RICHMOND, Calif. – November 21, 2025 — Sangamo Therapeutics, Inc. (Nasdaq: SGMO), a genomic medicine company, today announced that the U.S. Food and Drug Administration (FDA) has accepted the company’s request for a rolling submission and review of the Biologics License Application (BLA) for isaralgagene civaparvovec (ST-920).

ST-920 is a wholly owned investigational AAV (adeno-associated virus) gene therapy designed as a one-time, durable treatment for adults with Fabry disease. This acceptance facilitates an expedited path to potential market approval.

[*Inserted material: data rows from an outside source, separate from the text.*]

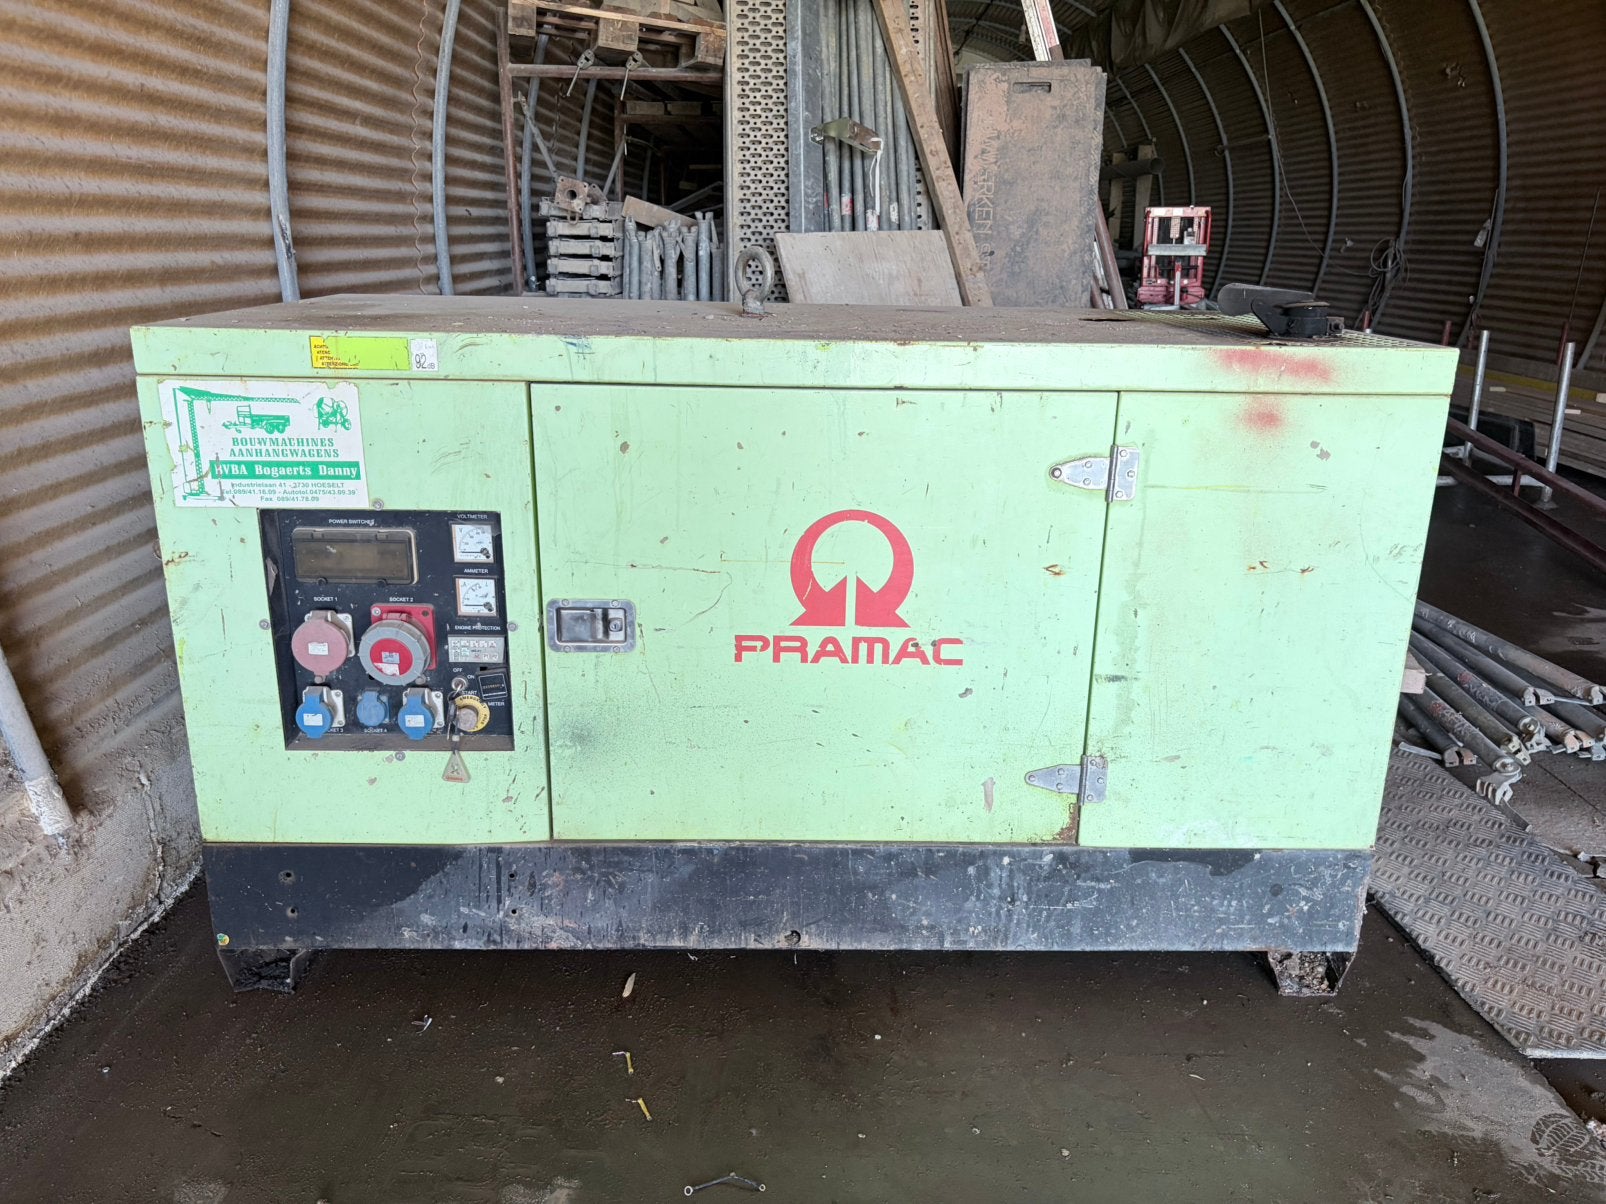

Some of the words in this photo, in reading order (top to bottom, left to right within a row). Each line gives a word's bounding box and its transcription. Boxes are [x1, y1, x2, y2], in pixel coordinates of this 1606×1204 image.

[232, 437, 335, 447] BOUWMACHINES
[229, 448, 340, 458] AANHANGWAGENS
[254, 464, 312, 478] Bogaerts
[318, 464, 358, 478] Danny
[734, 634, 964, 666] PRAMAC

Accelerated Approval Pathway Confirmed

The FDA’s acceptance follows a meeting in October 2025 where the agency reaffirmed its agreement to use estimated glomerular filtration rate (eGFR) slope as the primary endpoint to support an accelerated approval pathway. This specific endpoint is crucial for demonstrating clinical benefit in a disease that causes serious damage to vital organs, particularly the kidney.

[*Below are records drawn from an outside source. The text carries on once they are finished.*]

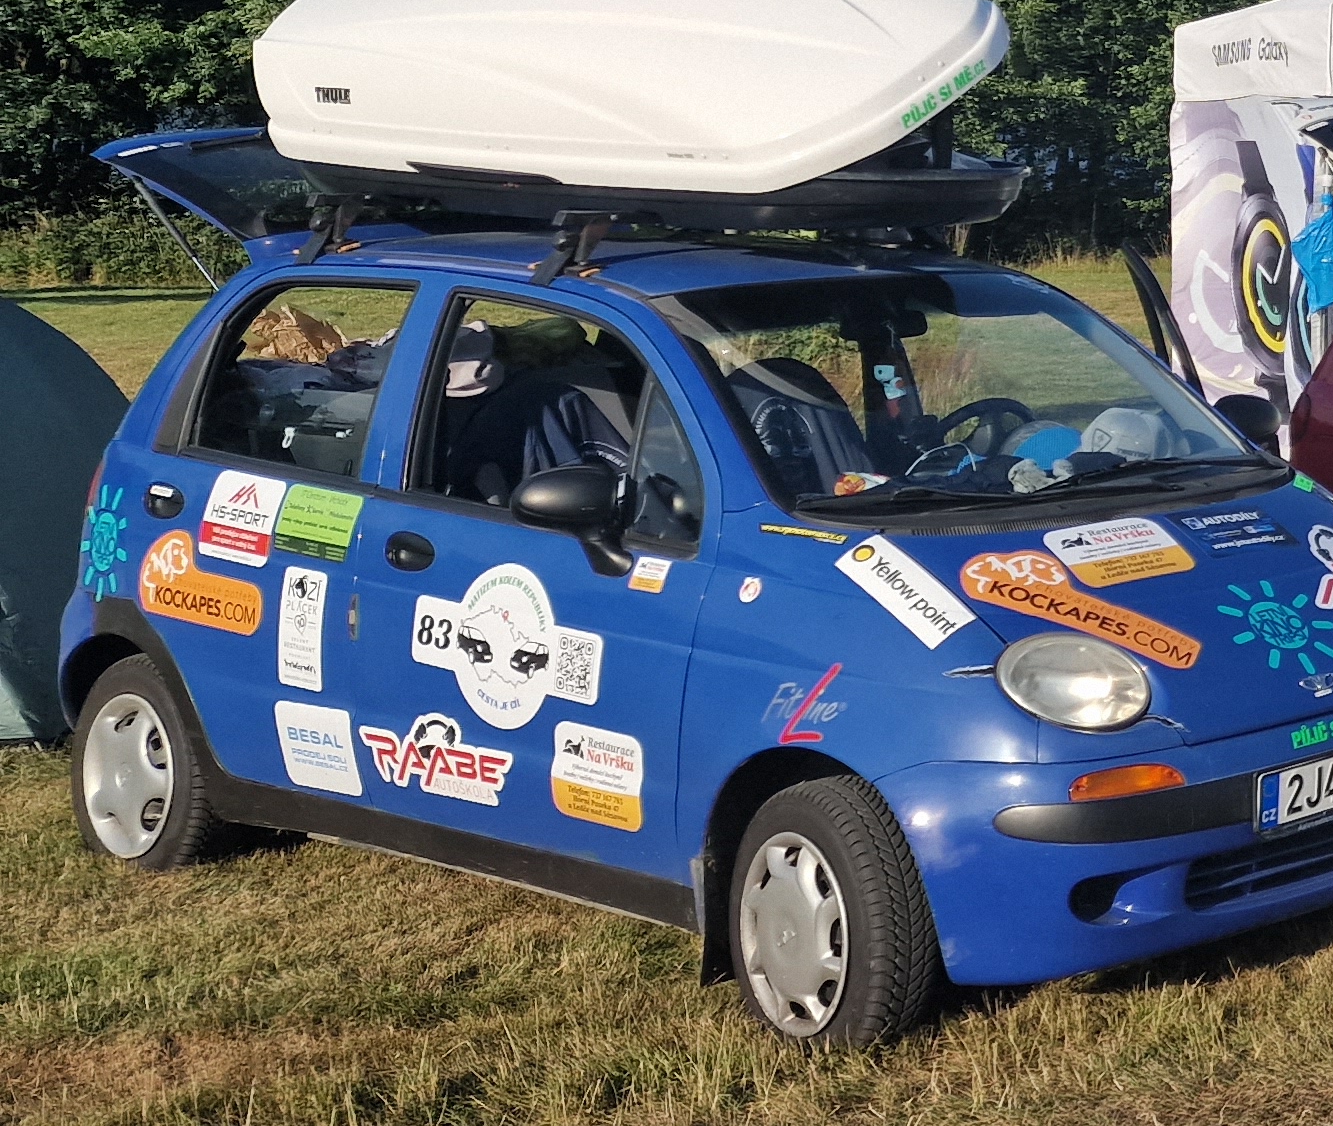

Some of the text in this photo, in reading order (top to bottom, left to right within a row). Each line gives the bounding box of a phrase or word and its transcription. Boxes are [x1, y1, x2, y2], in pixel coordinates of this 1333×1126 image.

[1212, 36, 1289, 67] SAMSUNG Galaxy
[315, 86, 351, 104] THULE
[939, 83, 953, 103] SI
[211, 503, 270, 528] HS-SPORT
[1201, 511, 1260, 527] AUTODÍLY
[1086, 522, 1148, 536] Restaurace
[1092, 529, 1156, 545] Na Vršku
[154, 585, 256, 625] KOCKAPES.COM
[467, 575, 547, 634] MATIZEM KOLEM REPUBLIKY
[870, 555, 957, 636] Yellow point
[417, 614, 453, 650] 83
[988, 580, 1194, 666] KOCKAPES.COM
[476, 688, 499, 710] CESTA
[500, 700, 509, 711] JE
[286, 726, 344, 749] BESAL
[587, 736, 635, 758] Restaurace
[291, 747, 326, 761] PRODEJ
[363, 732, 509, 787] RAABE
[586, 748, 635, 773] Na Vršku
[433, 777, 496, 801] AUTOŠKOLA
[1261, 807, 1277, 824] CZ
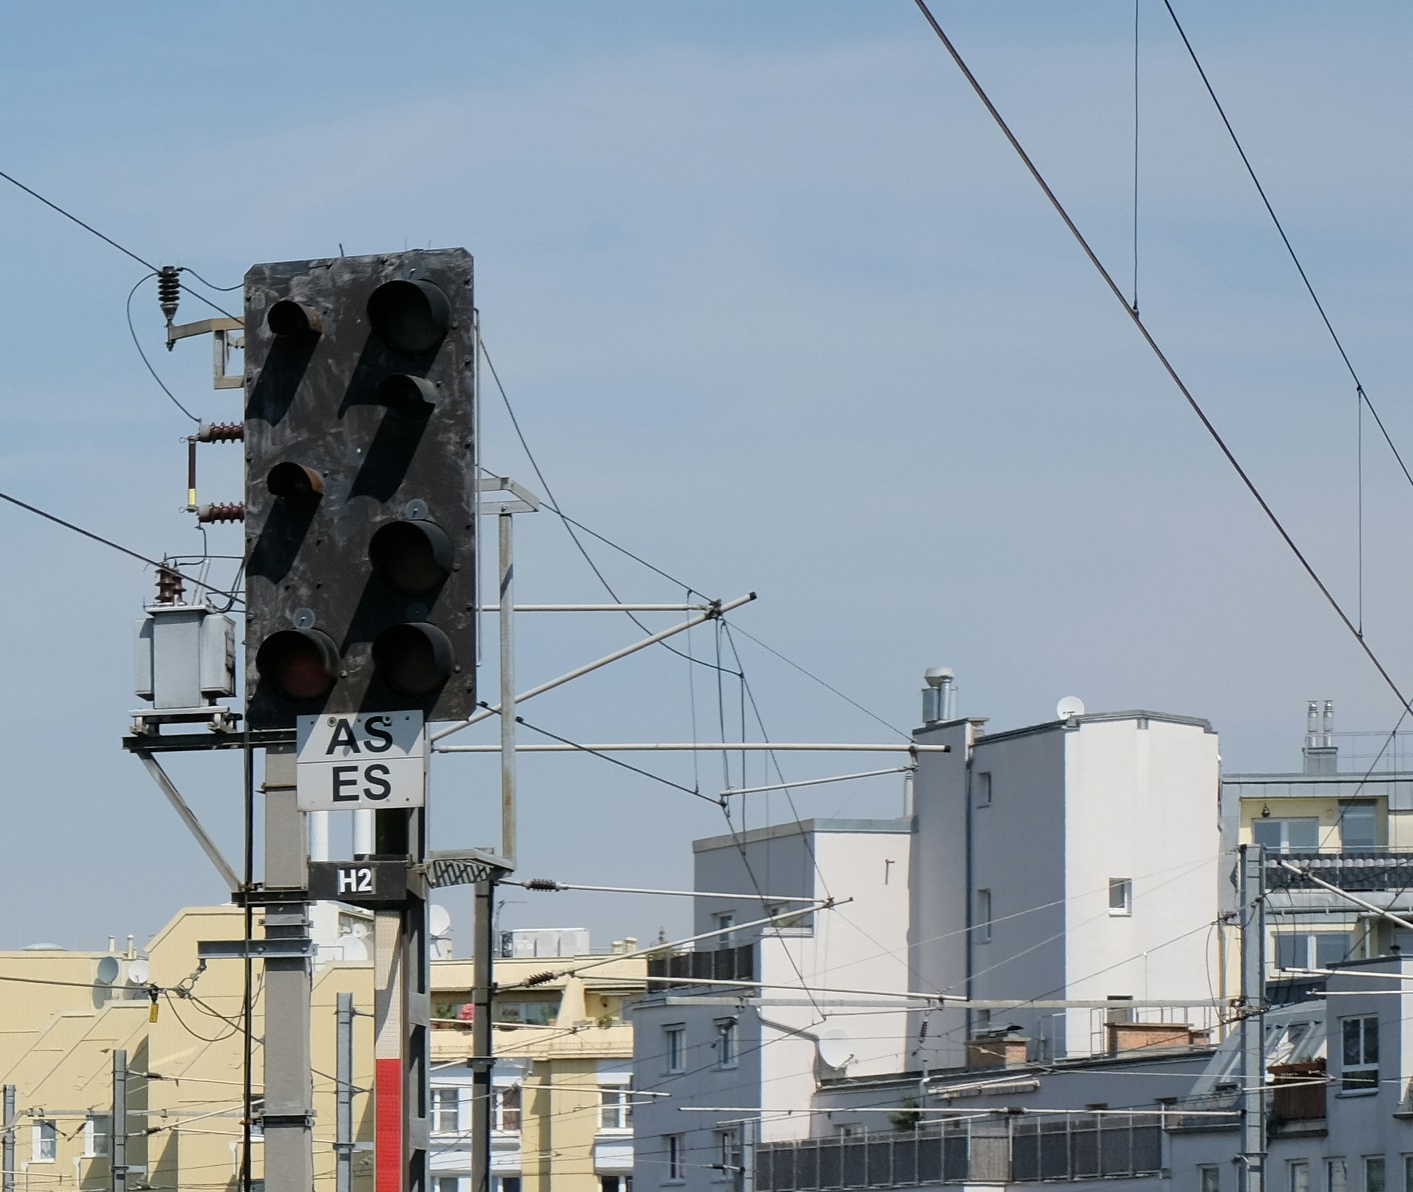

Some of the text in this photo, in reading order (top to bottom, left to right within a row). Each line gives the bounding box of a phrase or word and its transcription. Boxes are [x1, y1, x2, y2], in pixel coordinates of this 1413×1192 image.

[325, 715, 394, 755] AS
[331, 763, 392, 802] ES
[338, 868, 373, 893] H2

• STAAR Study Data: Detailed clinical data from the registrational Phase 1/2 STAAR study, presented in September, demonstrated ST-920’s potential to provide meaningful, multi-organ clinical benefits above current standards of care.
• Key Finding: The study demonstrated a positive mean annualized eGFR slope at 52-weeks across all dosed patients, supporting the gene therapy’s effectiveness in addressing underlying Fabry disease pathology.

“We are excited by the potential of ST-920 to provide a potentially transformative treatment for Fabry disease patients and look forward to initiating rolling submission of the BLA later this quarter,” said Nathalie Dubois-Stringfellow, Ph. D, Chief Development Officer at Sangamo.

Regulatory Designations Highlight Urgency

The AAV gene therapy has received multiple designations underscoring the high unmet medical need for Fabry patients:

• FDA: Orphan Drug, Fast Track, and RMAT designations.
• Europe/UK: Orphan Medicinal Product designation and PRIME eligibility from the European Medicines Agency (EMA), and Innovative Licensing and Access Pathway from the U.K. Medicines and Healthcare products Regulatory Agency (MHRA).

Sangamo plans to initiate the rolling submission of the BLA to the FDA under the accelerated approval pathway later in the fourth quarter of 2025. ST-920 is administered as a single, one-time AAV infusion without the need for preconditioning chemotherapy.